Referring expression grounding data
● ● ● ●
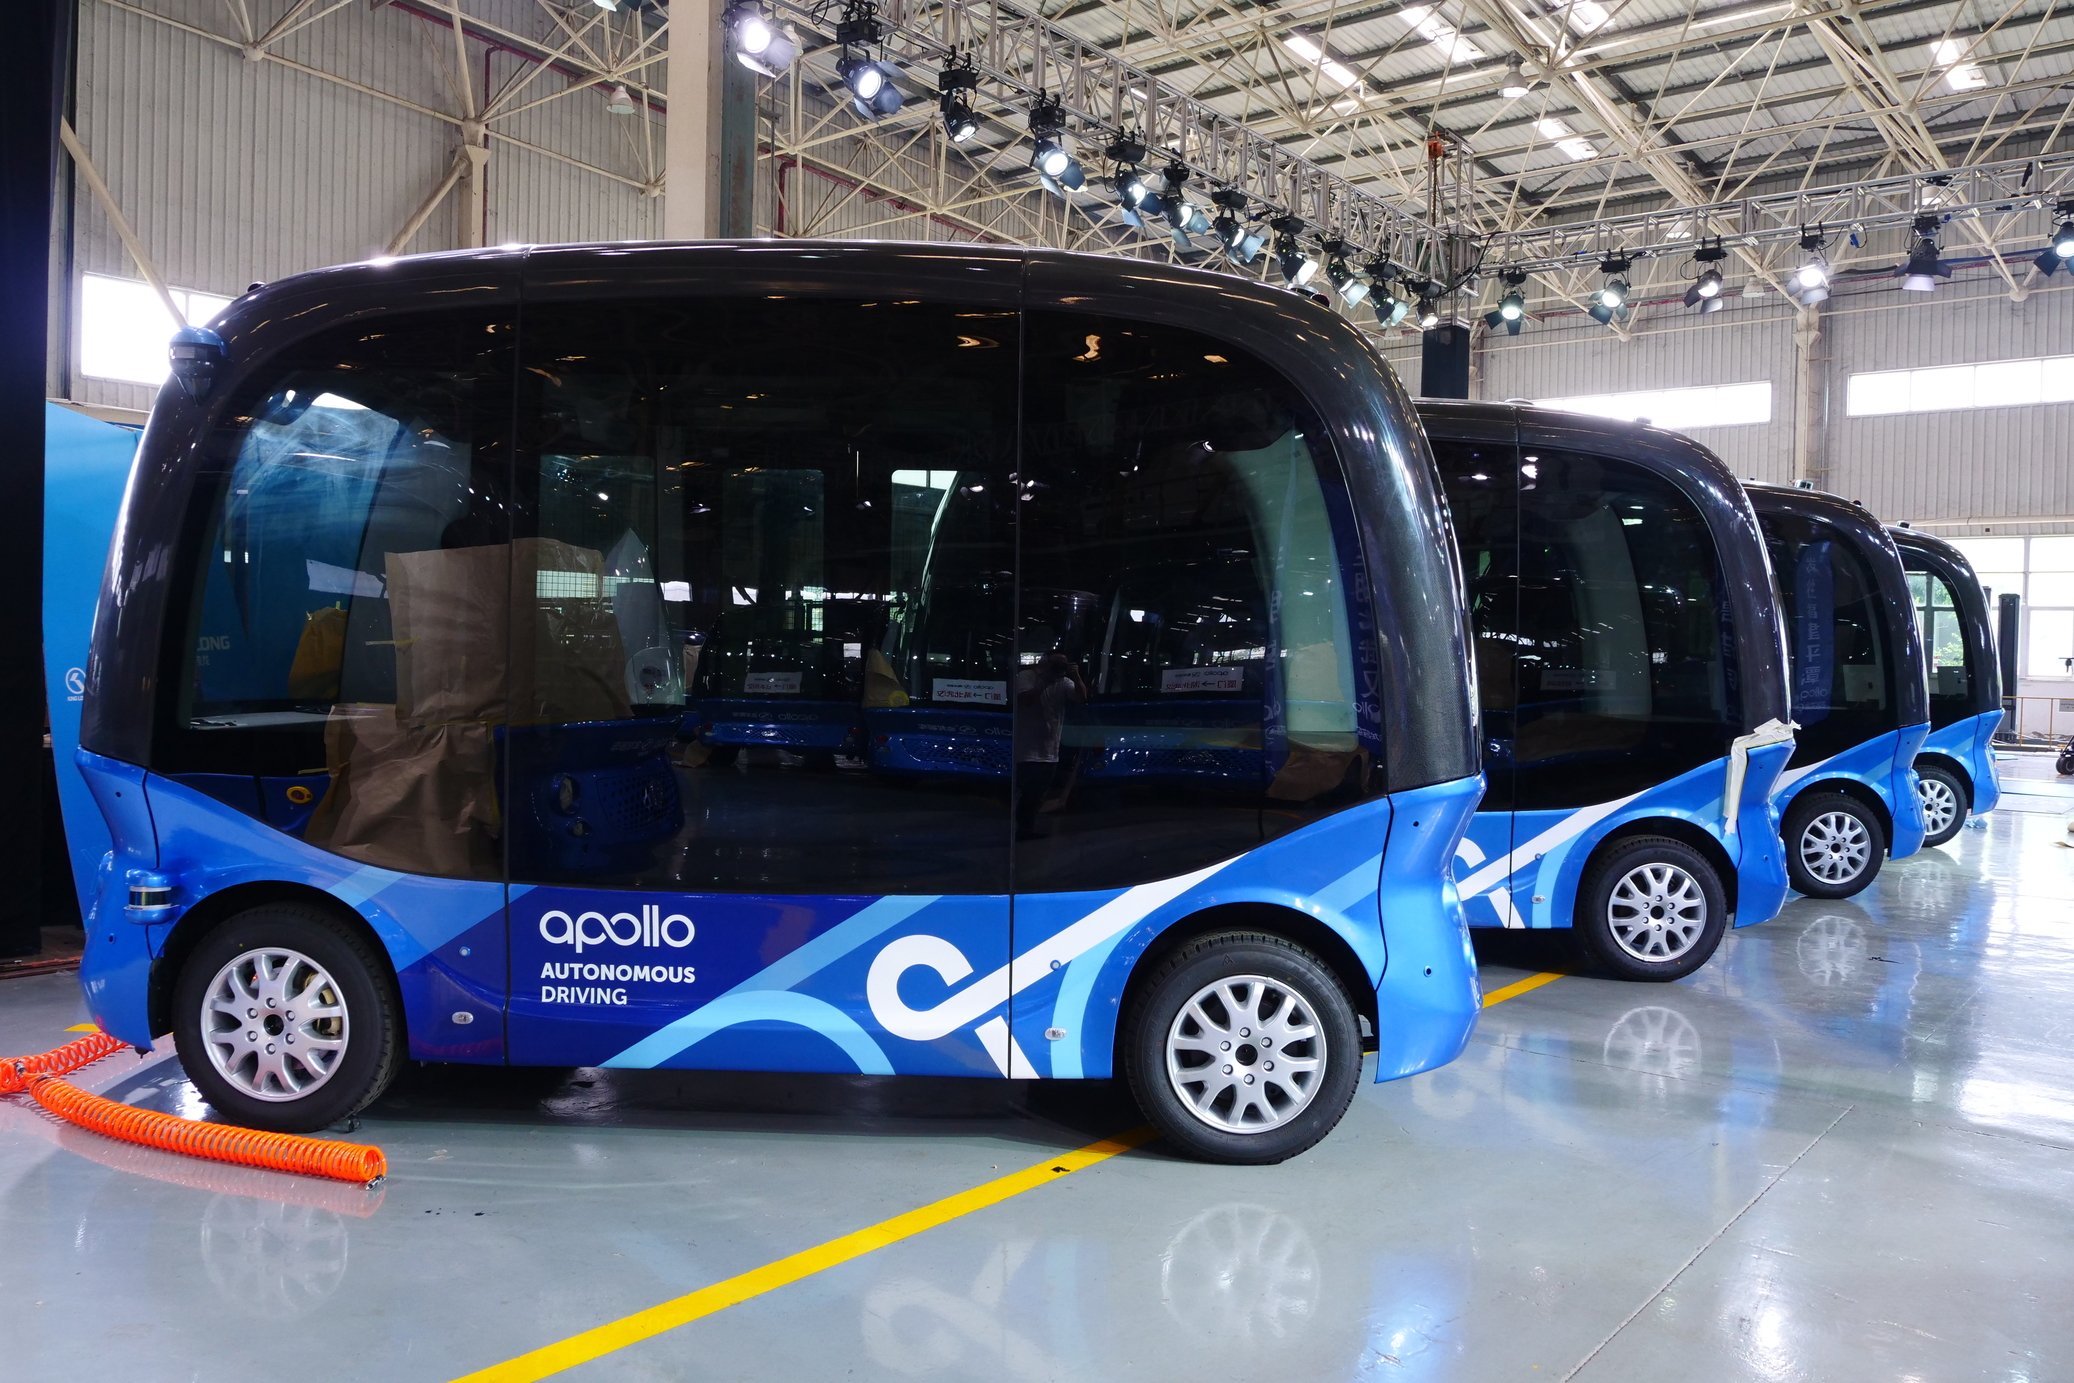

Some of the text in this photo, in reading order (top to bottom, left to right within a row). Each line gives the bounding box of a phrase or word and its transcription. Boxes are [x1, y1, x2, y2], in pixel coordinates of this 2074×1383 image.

[539, 904, 696, 953] apollo
[541, 962, 696, 984] AUTONOMOUS
[541, 986, 628, 1005] DRIVING
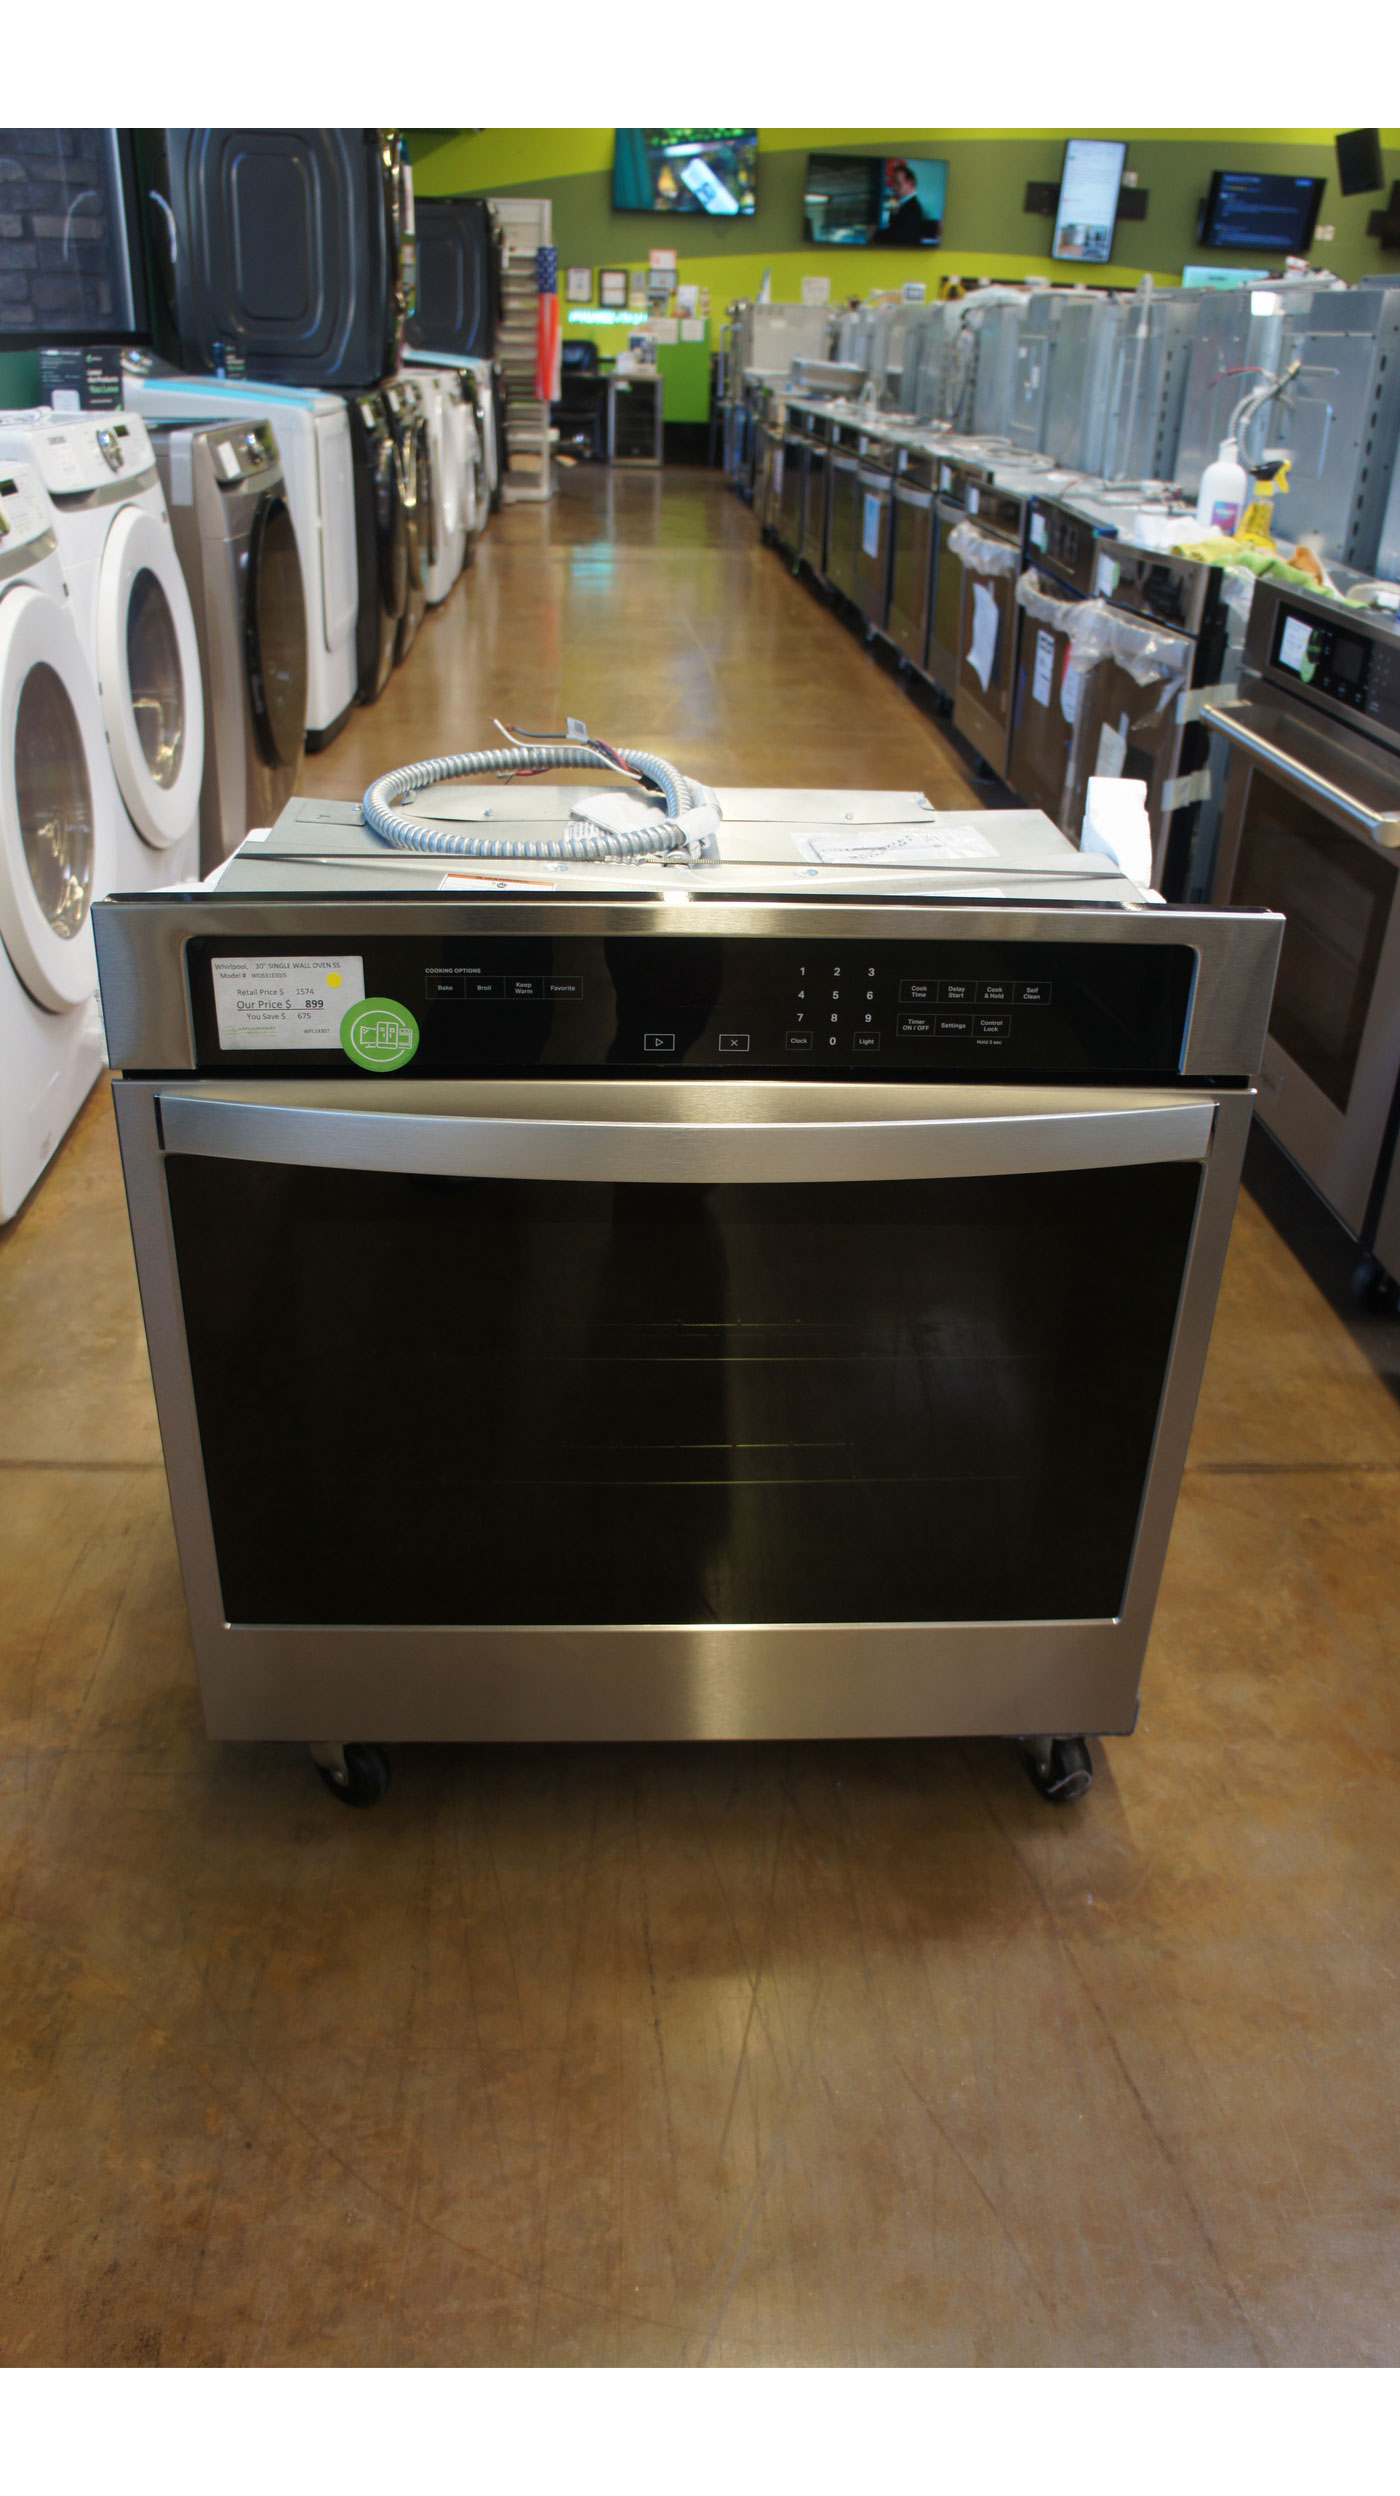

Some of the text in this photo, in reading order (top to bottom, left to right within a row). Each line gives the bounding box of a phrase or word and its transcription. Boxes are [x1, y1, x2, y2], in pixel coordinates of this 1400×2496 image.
● ● ● ●
Task statement:
Could you return each entry word for word, with the images omitted?

Result of the exercise:
Some of the text in this photo, in reading order (top to bottom, left to right within a row). Each line gives the bounding box of a phrase or word and its transcription. Boxes are [x1, y1, x2, y2], in pixel coordinates of this 2074×1383 image.

[539, 904, 696, 953] apollo
[541, 962, 696, 984] AUTONOMOUS
[541, 986, 628, 1005] DRIVING

Some of the text in this photo, in reading order (top to bottom, left to right within a row). Each line gives the bounding box of a phrase or word and its transcription. Boxes are [x1, y1, x2, y2], in pixel coordinates of this 1400×2496 image.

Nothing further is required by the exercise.